━━ SUPPLIED MATERIAL

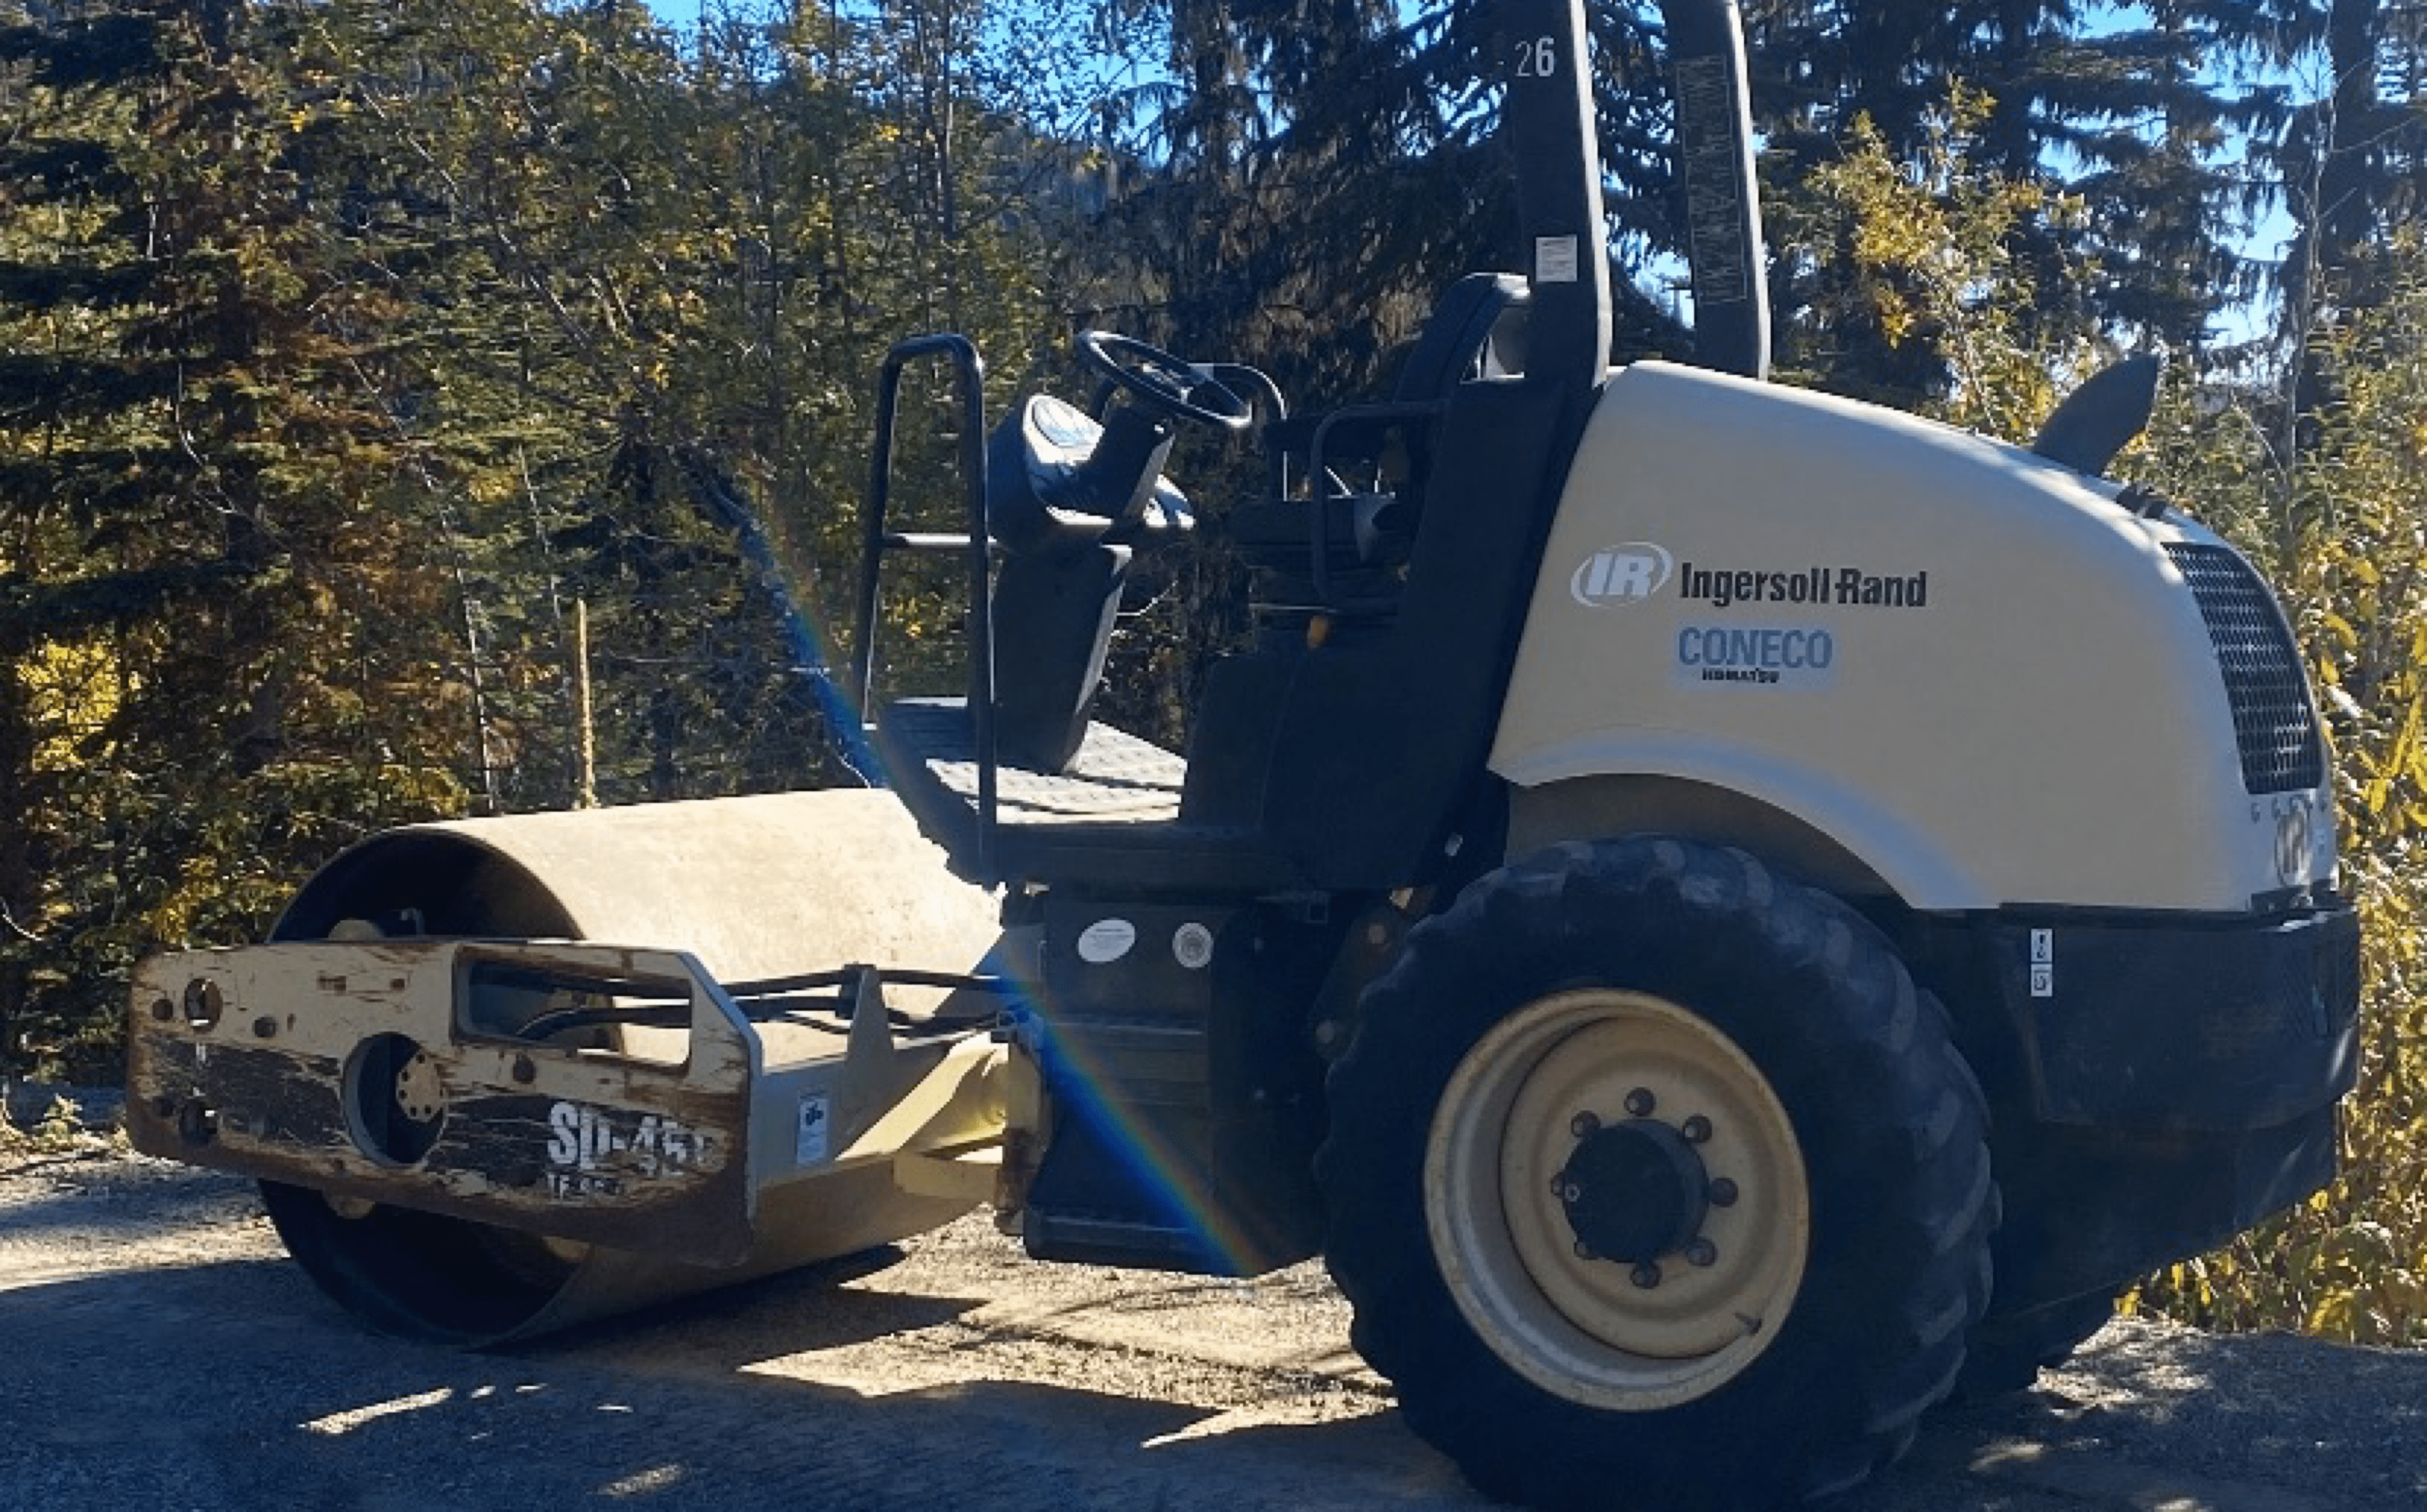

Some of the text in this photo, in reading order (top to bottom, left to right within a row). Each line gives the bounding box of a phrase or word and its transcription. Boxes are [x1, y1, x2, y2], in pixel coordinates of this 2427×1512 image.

[1515, 36, 1555, 77] 26
[1585, 552, 1656, 596] IR
[1681, 562, 1927, 607] Ingersoll-Rand
[1678, 626, 1833, 668] CONECO
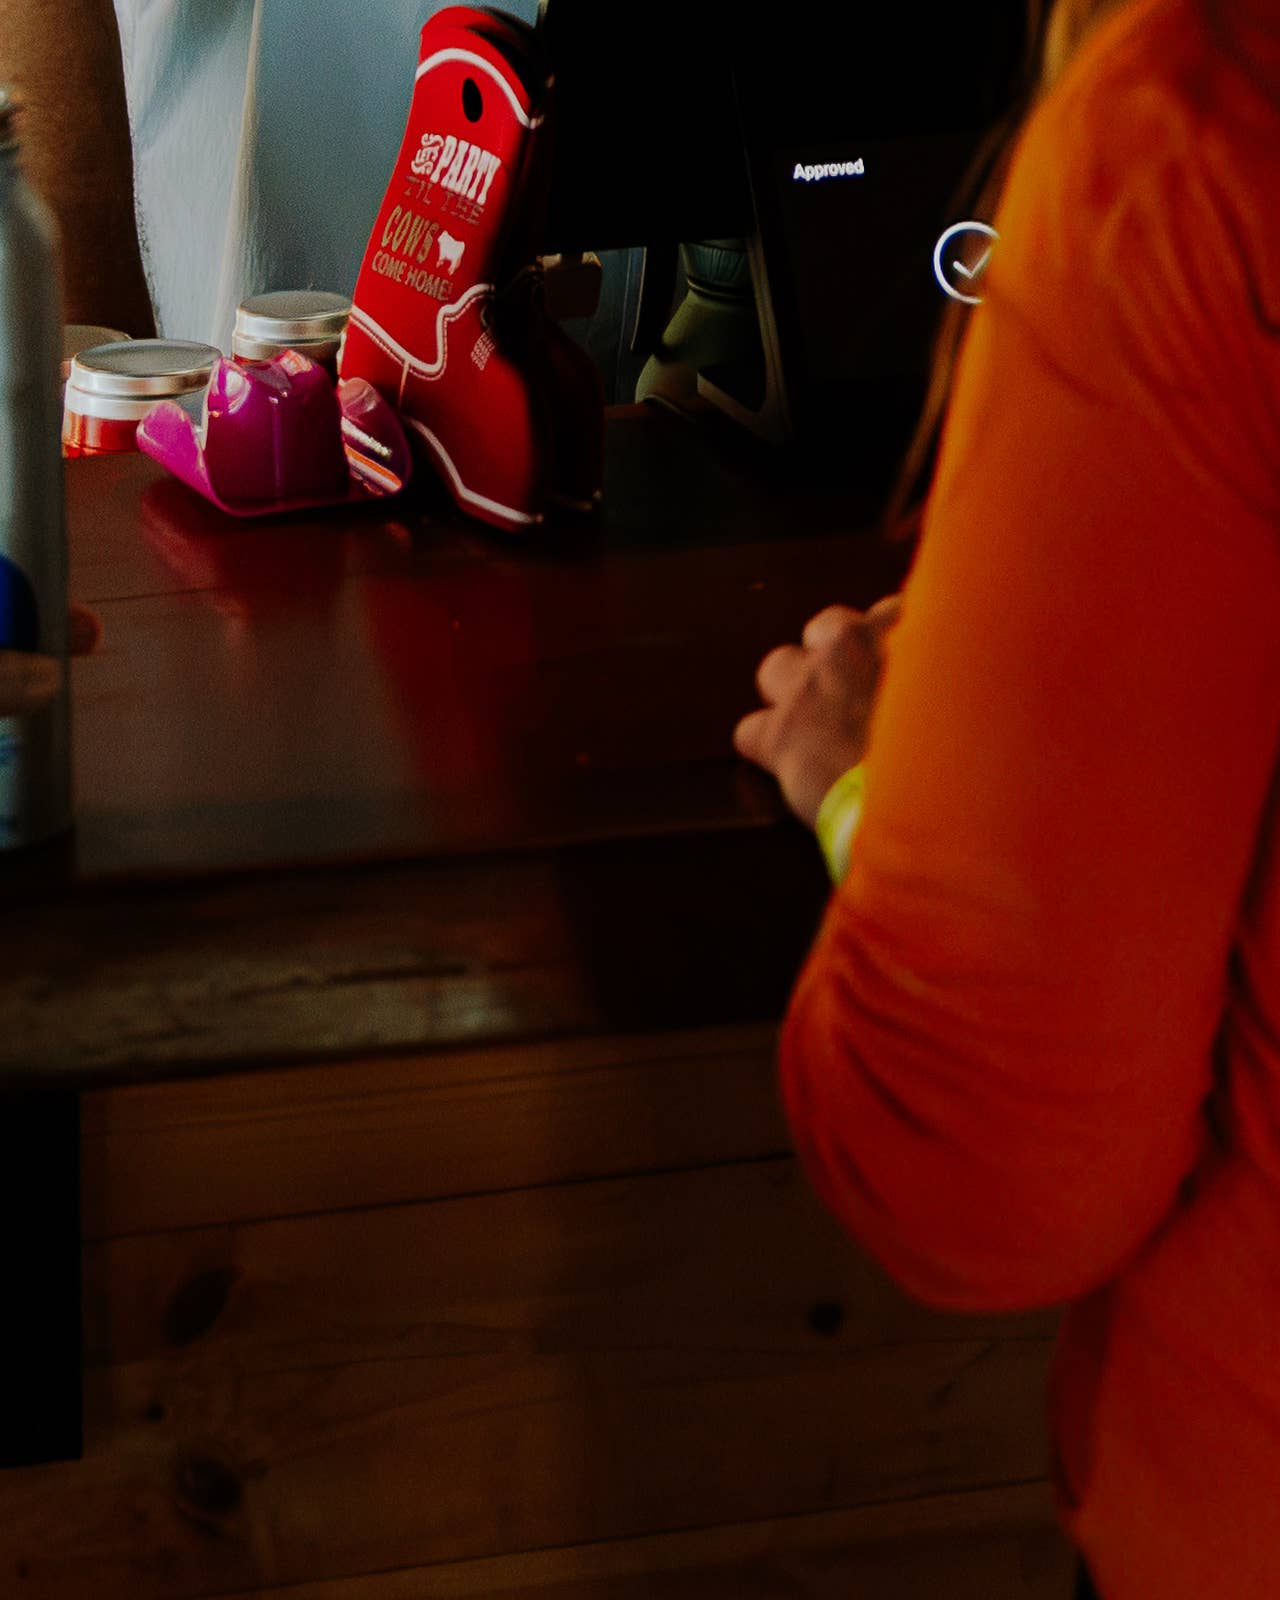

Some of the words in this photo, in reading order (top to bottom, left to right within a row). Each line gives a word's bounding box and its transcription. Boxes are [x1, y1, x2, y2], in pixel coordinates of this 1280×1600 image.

[430, 134, 502, 206] PARTY
[793, 157, 865, 181] Approved
[381, 204, 440, 265] COWS
[371, 249, 408, 283] COME

━━━━

_ASSIGNMENT_
Please give back the material above exactly as written, pictures omitted.

_TASK RESPONSE_
Some of the text in this photo, in reading order (top to bottom, left to right within a row). Each line gives the bounding box of a phrase or word and its transcription. Boxes are [x1, y1, x2, y2], in pixel coordinates of this 2427×1512 image.

[1515, 36, 1555, 77] 26
[1585, 552, 1656, 596] IR
[1681, 562, 1927, 607] Ingersoll-Rand
[1678, 626, 1833, 668] CONECO

Some of the words in this photo, in reading order (top to bottom, left to right within a row). Each line gives a word's bounding box and its transcription. Boxes are [x1, y1, x2, y2], in pixel coordinates of this 1280×1600 image.

[430, 134, 502, 206] PARTY
[793, 157, 865, 181] Approved
[381, 204, 440, 265] COWS
[371, 249, 408, 283] COME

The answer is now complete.